Key Assumptions Used in   The analysis of the industry-wide trust funds and the individual owners’
the Analysis              trust funds depends on the following six key assumptions. The values for
                          these six assumptions vary based upon the scenario: baseline (most likely),
                          pessimistic, or optimistic. For each scenario, we used the same assumption
                          values for each owner and each plant in order to apply an “even-handed”
                          standard.

                          (1) Future after-tax rate of return on decommissioning fund assets
                          (discount rate): An after-tax rate of return was used to discount future trust
                          fund contributions and plant decommissioning costs. In our survey, we
                          asked owners for information on the financial assets contained in their
                          respective decommissioning funds. We grouped these assets into five basic
                          financial categories and calculated estimated, industry-wide, average
                          weights for each type, these asset weights themselves reflecting the
                          weights of the varying fund sizes. These categories, and calculated
                          weighted-averages were: equities (e.g., common stocks), 47.1 percent; U.S.
                          securities (e.g., federal government bonds), 26.7 percent; corporate bonds,
                          9.8 percent; municipal bonds, 10.4 percent; and cash and short-term
                          instruments, 6.0 percent. Therefore, on average, these decommissioning
                          funds contained roughly a 50-50 split between equities and bonds. We used



                          Page 23                                GAO-04-32 Decommissioning Nuclear Power Plants
Appendix I
Scope and Methodology of Our Analysis of
the Decommissioning Trust Funds




these results for all of the decommissioning funds, for all three scenarios,
but recognize three qualifications: (1) the variation in these asset weights
among individual funds for 2000 was quite large, (2) our asset composition
data represent only a time “snapshot” of such allocation—for year 2000
only, and (3) these same (baseline) asset weights are also assumed for our
other two scenarios, because appropriate data were lacking to do
otherwise.

Using a long-term forecast from Global Insight (an economic forecasting
company),4 we developed a forecast for each asset category under a
baseline, pessimistic, and optimistic forecast scenario. For the baseline
scenario, we used Global Insight’s trend forecast; for the pessimistic
scenario, we used their pessimistic forecast (representing slower real gross
domestic product (GDP) growth); and for the optimistic scenario, we used
their optimistic forecast (representing faster real GDP growth).

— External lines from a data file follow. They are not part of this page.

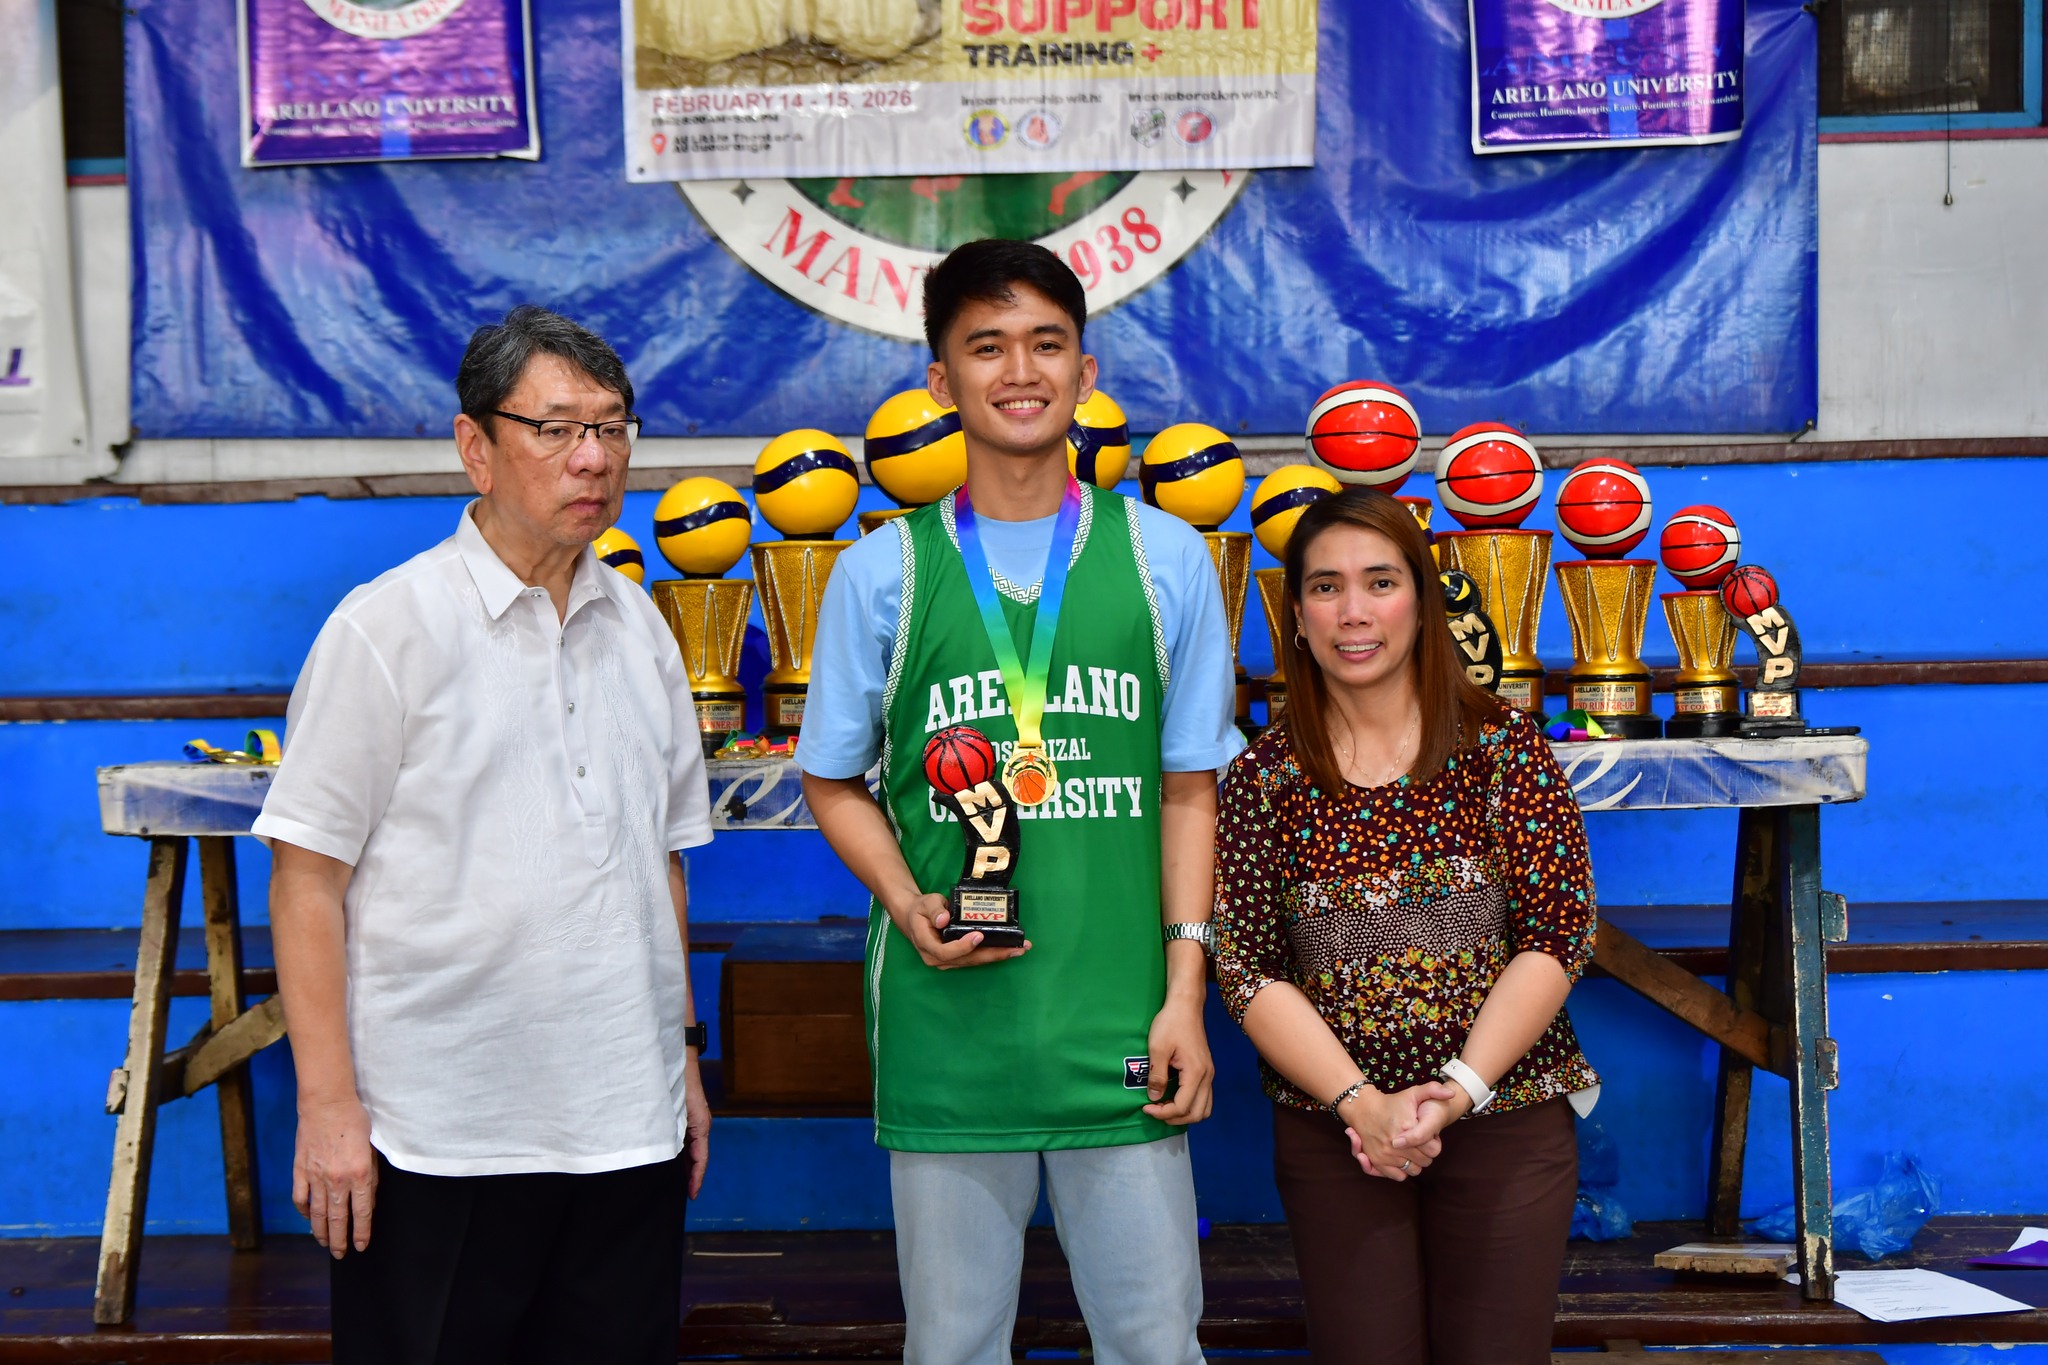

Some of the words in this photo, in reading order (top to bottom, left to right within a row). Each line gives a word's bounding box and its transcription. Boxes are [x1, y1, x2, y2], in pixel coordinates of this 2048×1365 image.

[962, 42, 1135, 68] TRAINING
[652, 93, 774, 113] FEBRUARY
[782, 93, 804, 109] 14
[862, 90, 912, 108] 2026
[1128, 93, 1141, 102] In
[1491, 81, 1608, 104] ARELLANO
[1613, 70, 1739, 96] UNIVERSITY
[268, 100, 381, 121] ARELLANO
[385, 96, 515, 116] UNIVERSITY
[1491, 108, 1538, 120] Competence,
[1539, 107, 1577, 118] Humility,
[1577, 104, 1612, 117] Integrity,
[1613, 102, 1641, 114] Equity,
[1642, 100, 1681, 110] Fortitude,
[761, 205, 924, 315] MAN
[1067, 206, 1163, 292] 938
[1745, 606, 1794, 684] MVP
[924, 664, 1141, 734] AREANO
[928, 776, 1143, 823] URSITY
[953, 780, 1011, 879] MVP

For the baseline scenario, we calculated a forecast (current-dollar) growth
rate of 6.26 percent for equities, 6.83 percent for U.S. securities, 7.83
percent for corporate bonds, 6.27 percent for municipal bonds, and 5.02
percent for cash and short-term instruments.5 Multiplying these forecast
rates with their respective asset weights in the owners’ portfolios yielded a
baseline “portfolio average” forecast pretax annual-average rate of return
of 6.49 percent. Similarly, we calculated pretax rates of return for the
pessimistic and optimistic forecasts of 7.27 percent and 6.45 percent,
respectively. The rate under the pessimistic forecast is higher than the rate
under the baseline or optimistic forecasts because of higher inflation in the
Global Insight pessimistic forecast and because of the owners’ relatively
high average allocation of trust fund investments in bonds. (In Global
Insight’s pessimistic forecast, the nominal-rate return on bonds is greater
than on equities.)




4
Forecast as of January 30, 2003.
5
 To forecast the growth in equities, we used Global Insight’s forecast for the S&P 500. We
assumed that dividends would be reinvested. For example, for our baseline scenario, we
combined the compound annual-average growth rate for the S&P 500 Index with its
corresponding annual-average dividend yield rate to obtain a total growth rate. For U.S.
securities, we used the forecast for 30-year federal government bonds. For corporate bonds
and municipal bonds, we used the forecast for Aaa-rated corporate and municipal bonds,
respectively. For cash, we used the forecast for 6-month U.S. Treasury Bills.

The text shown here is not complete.